Ainda não chegamos a 3 minutos do filme. Vamos entrar com os Fabelmans no cinema, vamos ver algumas cenas de grande impacto – em especial aquela em que uma locomotiva em alta velocidade joga para o alto um carro que estava à sua frente nos trilhos e em seguida bate contra uma outra composição.
Com menos de 10 dos 151 minutos de duração de Os Fabelmans, já sabemos que Burt é um engenheiro, que raciocina o tempo todo como um engenheiro; que Mitzi é uma mulher de imensa sensibilidade, amante das artes, uma sonhadora. E que o garoto Sam, bem mais parecido com a mãe do que o pai, apaixonou-se loucamente, perdidamente, fatalmente, pelas moving pictures, os movies, os films.
Os 141 minutos que virão depois passam depressa, bem depressa, como as coisas boas da vida sempre passam.
Uma família calorosa, carinhosa, afetuosa
A família que representa a sua no filme autobiográfico é mostrada por Spielberg como um tanto excêntrica, levemente, suavemente desajustada ou no mínimo fora do padrão mais “normal”, mas, sobretudo, calorosa, carinhosa, afetuosa. Os Fabelmans se amam – e, diabo, existe uma característica mais importante em uma família do que o fato de que todos se amam, e são calorosos, e demonstram o amor uns pelos outros?

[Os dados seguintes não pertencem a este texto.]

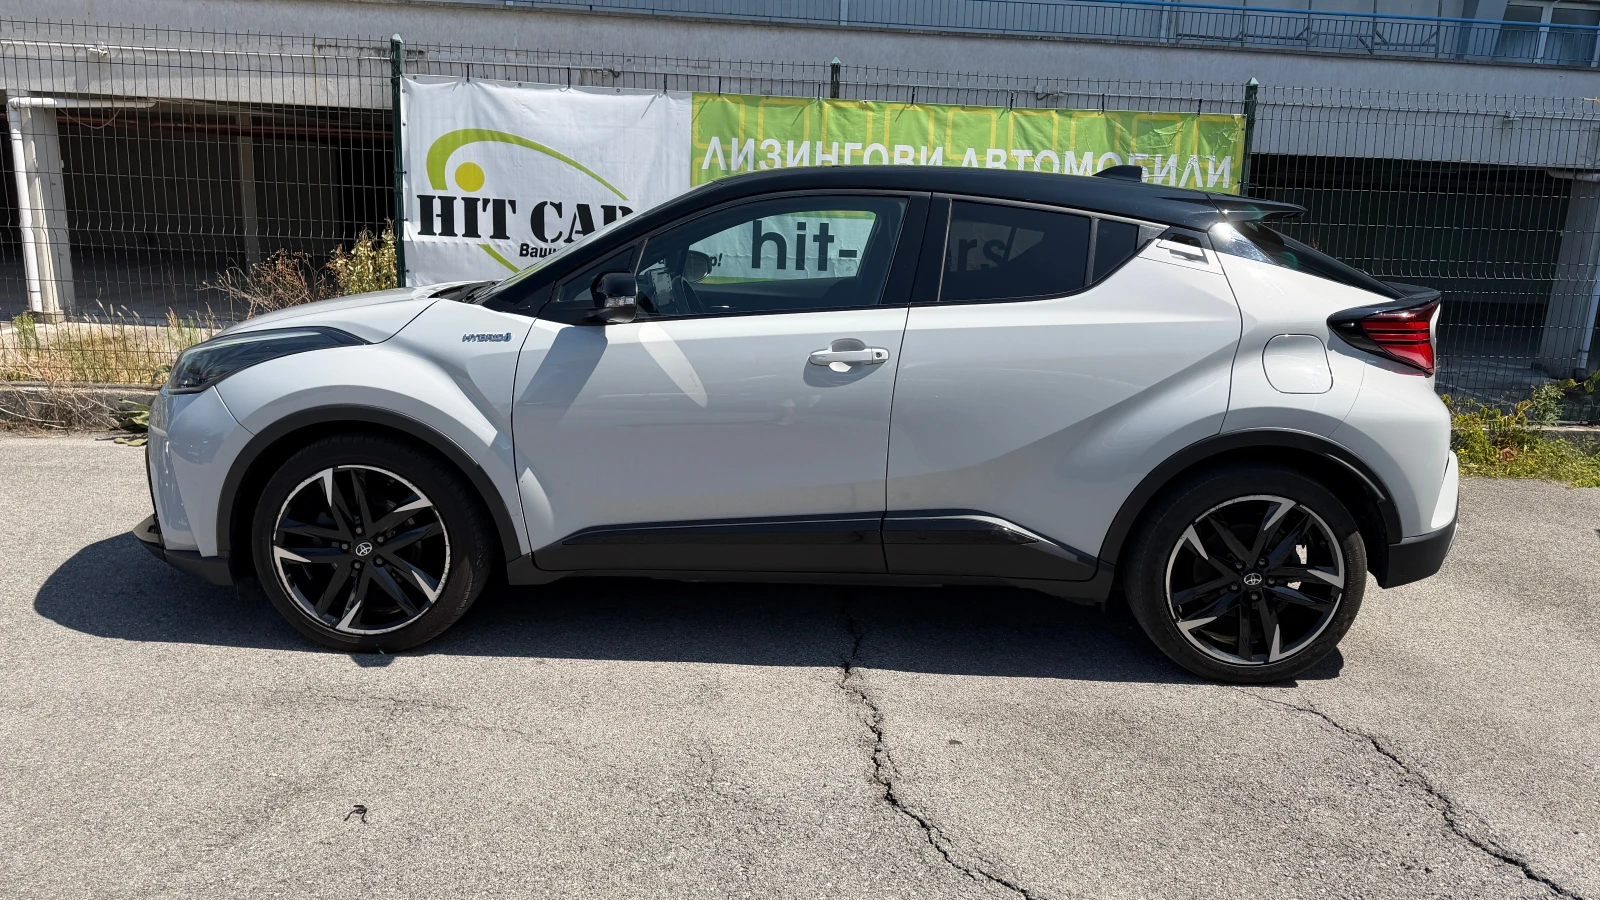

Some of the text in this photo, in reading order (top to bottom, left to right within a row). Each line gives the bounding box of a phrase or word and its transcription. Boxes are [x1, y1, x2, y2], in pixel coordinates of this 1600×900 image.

[702, 136, 943, 171] ЛИЗИНГОВИ
[416, 194, 517, 240] HIT
[751, 219, 1008, 273] hit- rs

Mitzi – a gente vai vendo – teve boa formação como pianista clássica; não chegou a iniciar uma carreira, porque se casou e logo veio Sam, e em seguida vieram Natalie e Reggie. Mais tarde, ainda viria a raspa do tacho, como se dizia antigamente, Lisa. Mas, mesmo cuidando da casa e da filharada, ela sempre manteve o gosto pelo piano, a paixão por Bach.
Inteligente, centrado, aplicado, o engenheiro Burt enveredou-se logo pelo campo ainda muito novo e pouco conhecido da computação. E foi se dando bem profissionalmente.
Burt tinha um grande e inseparável amigo, que trabalhava com ele na RCA, em Nova Jersey, naquele início dos anos 50 – Bernie Loewy (o papel de Seth Rogen). Bernie vivia jantando na casa dos Fabelmans, passando as tardes de domingo com a família – e os meninos o chamavam, com toda a lógica, de tio. A mãe de Burt, Hadassah Fabelman (Jeannie Berlin), uma senhorinha rígida, sisuda, não gostava muito disso: nós a vemos, em um jantar, lembrando os netos – na frente de Bernie – que ele não era da família.
Mas a Vovó Fabelman não terá importância na história. Bem ao contrário de Bernie.
Quando surge uma belíssima chance na carreira de Burt, um emprego na General Electric em Phoenix,Arizona, Mitzi insiste em que o marido deve levar Bernie para trabalhar junto dele. E então lá se vão os Fabelmans, titio Bernie inclusive, rumo ao Oeste.
Bem mais tarde, surgirá uma ainda mais fantástica oportunidade profissional na carreira de Burt – um emprego na já então imensa e respeitabilíssima International Business Machine, a IBM, no Norte da Califórnia.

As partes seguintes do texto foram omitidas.